GSB# 2010-2380
UNION# 2010-0224-0031
IN THE MATTER OF AN ARBITRATION
Under
THE CROWN EMPLOYEES COLLECTIVE BARGAINING ACT
Before
THE GRIEVANCE SETTLEMENT BOARD
BETWEEN
Ontario Public Service Employees Union (Lefkowitz)
Union
- and -
The Crown in Right of Ontario (Community Safety and Correctional Services)
Employer
BEFORE
Felicity D. Briggs
Vice-Chair
FOR THE UNION
Eric del Junco Counsel
FOR THE EMPLOYER
Peter Dailleboust Ministry of Government Services Counsel
HEARING
February 21, 2013.
Decision
1The grievor, Marsha Lefkowitz is a Registered Nurse who worked at the Owen Sound Jail until its closure. During the course of her employment she filed a grievance that alleged various violations of the collective agreement and statute as a result of being verbally assaulted by the Operational Manager. It was said by the Union that the incident constituted an egregious act of misconduct causing significant emotional harm.
2By way of remedy the grievor is seeking, amongst other things, an amount of fifty thousand dollars in general damages for the “stress, embarrassment humiliation and violation of her rights.”
3The Union has put the Employer on notice that it intends to call the grievor’s physician to testify. A reporting letter from Dr. John S. Lindsay was provided to the Employer. It was stated therein that Dr. Lindsay is a medical doctor with a practice limited to mental health and psychotherapy. He saw the grievor for a period in 2003 and 2004 and again in 2011 after the incident that gave rise to this grievance.
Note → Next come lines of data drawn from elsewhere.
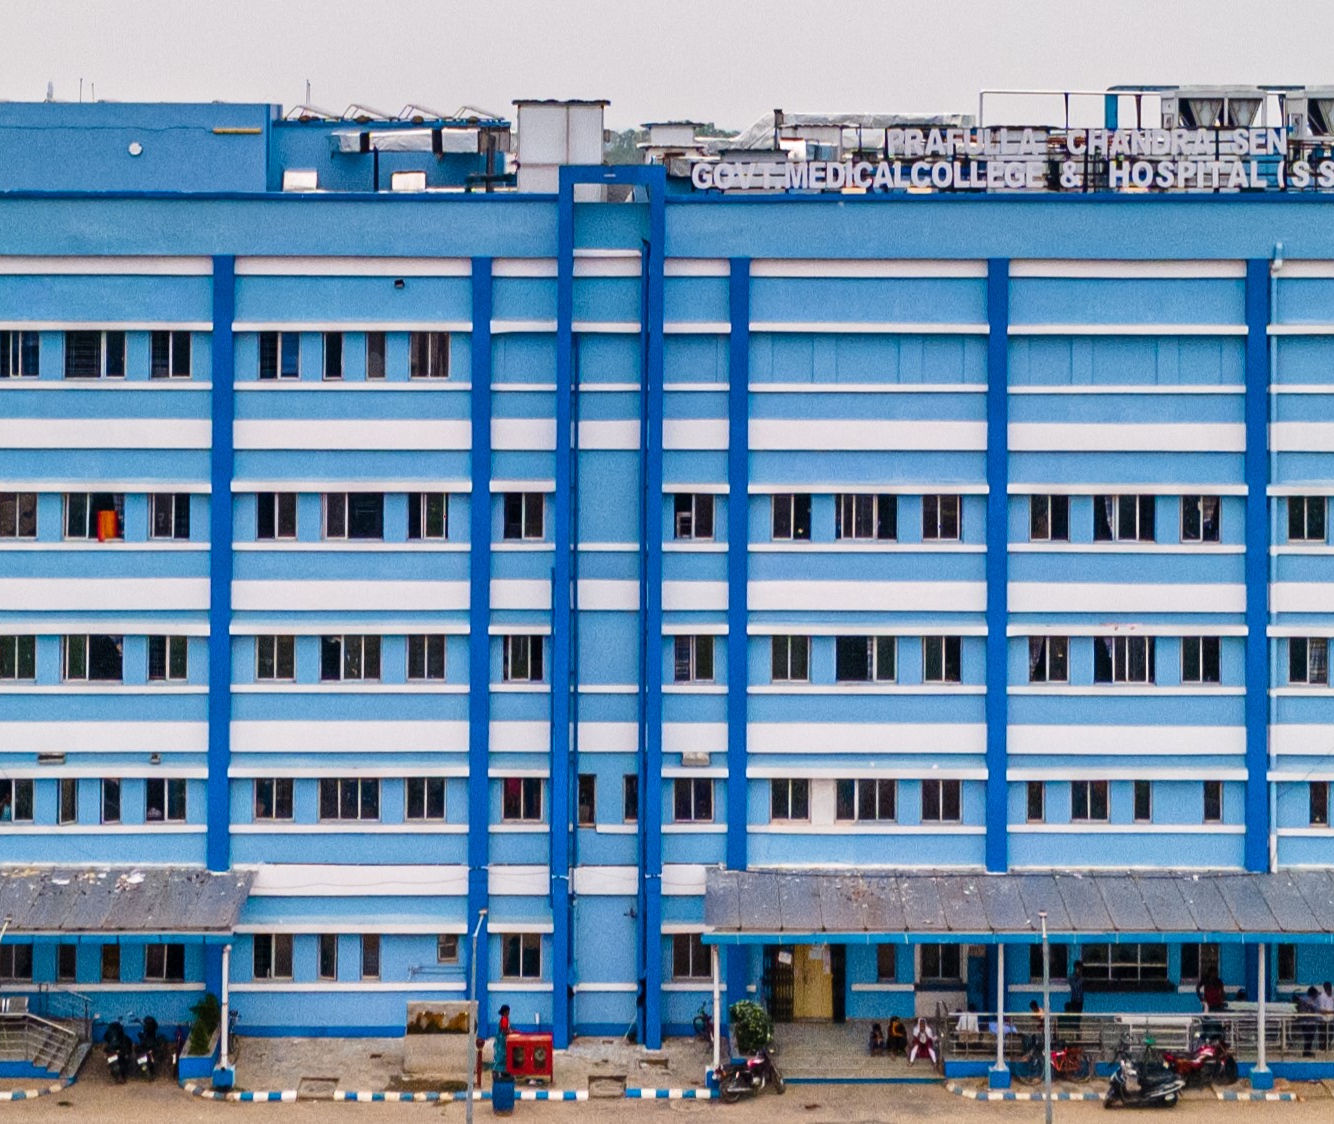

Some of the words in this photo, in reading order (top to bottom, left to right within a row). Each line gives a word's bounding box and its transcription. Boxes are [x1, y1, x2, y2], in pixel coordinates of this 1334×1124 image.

[887, 128, 1039, 157] PRAFULLA
[1067, 128, 1214, 156] CHANDRA
[1232, 127, 1287, 155] SEN
[1059, 160, 1082, 189] &
[1108, 160, 1267, 189] HOSPITAL
His report is an account of his experience treating the grievor.
4After receiving the reporting letter the Employer requested production of Dr. Lindsay’s clinical notes regarding the grievor’s mental health from 2003 to present. The Union took issue with aspects of this request.
5This decision deals only with the issue of whether the clinical notes of Dr. Lindsay from the 2003 and 2004 period should be given to the Employer. The Union does not suggest that the clinical notes beginning in 2011 are inappropriate for production.
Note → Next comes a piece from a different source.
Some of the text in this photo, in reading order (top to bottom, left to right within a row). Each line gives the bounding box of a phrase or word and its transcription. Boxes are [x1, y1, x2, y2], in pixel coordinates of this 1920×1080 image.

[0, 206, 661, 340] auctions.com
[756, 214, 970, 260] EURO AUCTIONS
6It was the Employer’s contention that because the Union is asserting that the incident at issue in this matter has caused damage to the grievor’s mental health, it is entitled to know the complete medical history known to Dr. Lindsay. It was stated in the Medical Report that the grievor had a pre-existing condition of Post Traumatic Stress Disorder. Dr. Lindsay also wrote that the PTSD was triggered again by the incident. Accordingly, the Employer said, the facts leading to that initial diagnosis and treatment are highly relevant to the matter at hand.
7The Union asserted that the clinical notes from the grievor’s treatment in 2003 and 2004 cannot shed any assistance on what harm occurred in 2010 and for that reason it should not be produced to the Employer. The earlier clinical notes deal with issues that are historical and personal and therefore cannot assist in the Board’s determination of this grievance. The material must be necessary and essential and not merely arguably relevant. The Employer’s request does not meet that accepted arbitral test in the Union’s view.
8In the alternative, it was the Union’s position that the “personal information pertaining to the grievor, her family and any third parties which is not material to the issues in this case” should be redacted.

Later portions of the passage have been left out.